Abstract
Introduction: Multiple myeloma (MM) remains an incurable disease for most patients. Thus, sequential therapy when relapse or progression after first line is almost always needed. Immunomodulatory agents derived from thalidomide such as lenalidomide, has several antitumoral effects including anti-proliferative and immune-modulation by binding the intracellular protein cereblon. Lenalidomide has been approved for the treatment of relapsed or refractory MM in Europe and USA. The possibility of using biological predictors of response with this regimen could be promising. A group of genetic normal variations in DNA, mainly single nucleotide polymorphisms (SNPs), have been described in association with response to treatment in MM. A distinctive group of polymorphisms is constituted by SNPs in microRNAs (miRNA) processing machinery in miRNA precursor molecules and in miRNA binding sites, known as miRSNPs, that we have associated with response to autologous transplantation and bortezomib. The aim of this study was to ascertain the outcome of patients with relapsed myeloma treated with lenalidomide in a tertiary hospital as to investigate the prognostic impact of 9 miRSNPs located either in MM related miRNAs target genes or in miRNA biogenesis pathway proteins
Methods: One hundred and three patients (54M/49F; median age 65 years, range 30 to 86) with relapsed MM after at least one treatment regimen were treated from November 2003 to January 2014 with lenalidomide plus dexamethasone. Median follow-up for alive patients was 3 years. Patients had received a median number of 2 treatment lines (range 1 – 6), but with no lenalidomide-based regimens.

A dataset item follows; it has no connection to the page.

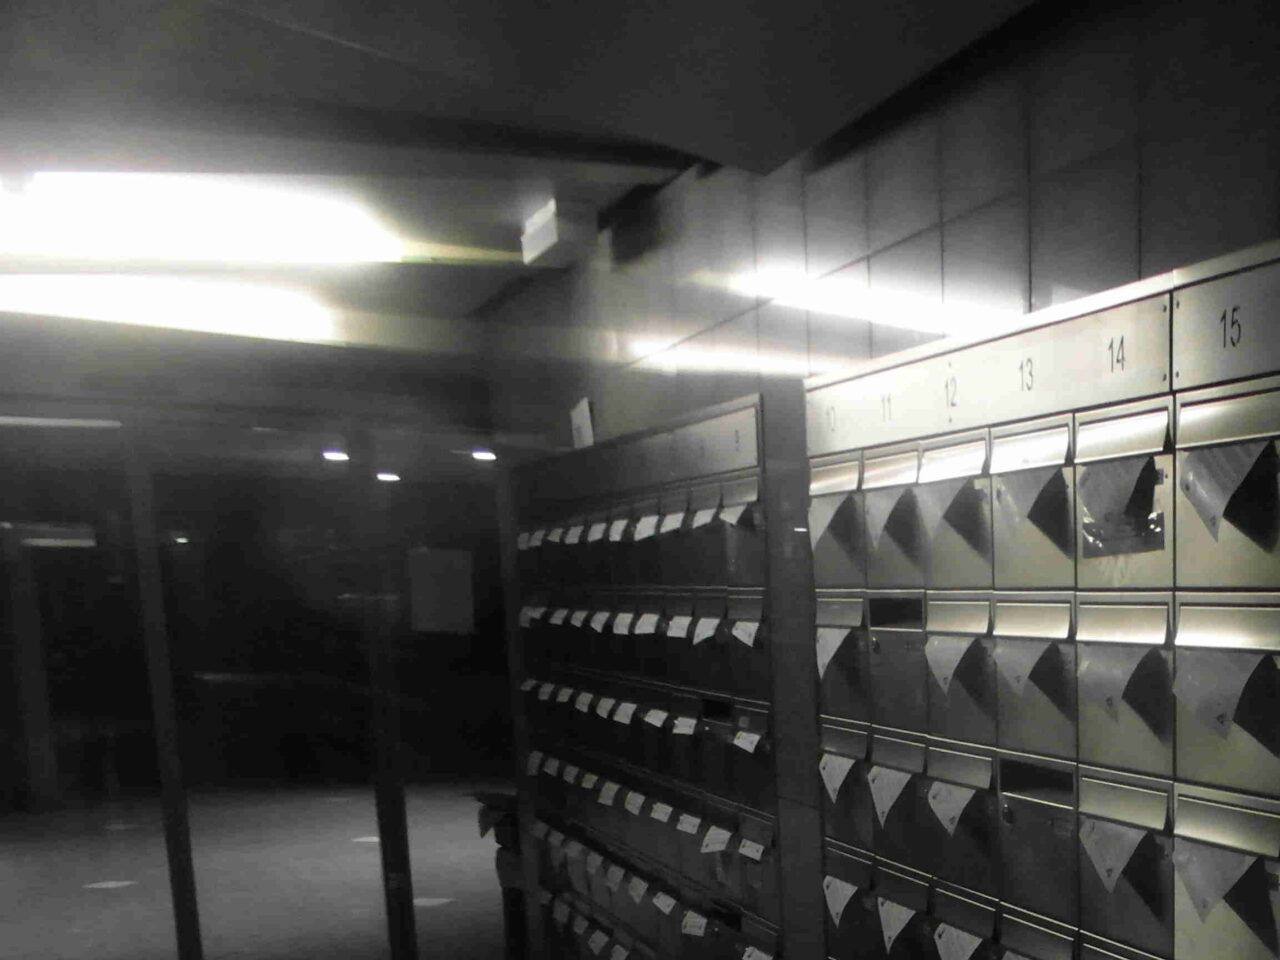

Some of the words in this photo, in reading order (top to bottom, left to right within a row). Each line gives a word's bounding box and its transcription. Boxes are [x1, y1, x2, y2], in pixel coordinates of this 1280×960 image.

Genomic DNA was isolated from bone marrow slides using a commercial kit (Qiagen). The genes and SNPs evaluated in genomic DNA by allelic discrimination (TaqMan assays) were KRT81 (rs3660), FAM179b (rs1053667), MIR146A (rs2910164), MIR196A2 (rs11614913), MIR149 (rs2292832) and MIR423 (rs6505162) for miRNA target genes, and RAN (rs14035), TRBP (rs784567) and XPO5 (rs11077) for miRNA biogenesis pathway. These genes were selected based on their potential impact on prognosis in solid tumors in previous reports.
Results: Overall response (OR) was achieved in 55.4% of the patients (complete remission 6.8%, partial response 40.8% and minor response 7.8%), while 16 (15.5%) and 26 (25.2%) showed no response (NR) or progressive disease (PD), respectively. 4 patients (3.9%) died before response could be evaluated. The median progression-free survival (PFS) after lenalidomide therapy was 8.1 months (95% CI 7.3 to 8.9), with a median overall survival (OS) of 2.3 years (95% CI 1.5 to 3.2). OS was significantly shorter in those patients not reaching at least MR (1 vs. 3.7 years; p<0.0001). Six patients did not progress during the first 5 years of treatment: two have died for unrelated causes; two progressed biologically but no requiring further treatments and the remaining two are in continued response while on therapy. Only 8 responding patients (7.8%) in whom therapy with lenalidomide was discontinued received re-treatment with lenalidomide at progression.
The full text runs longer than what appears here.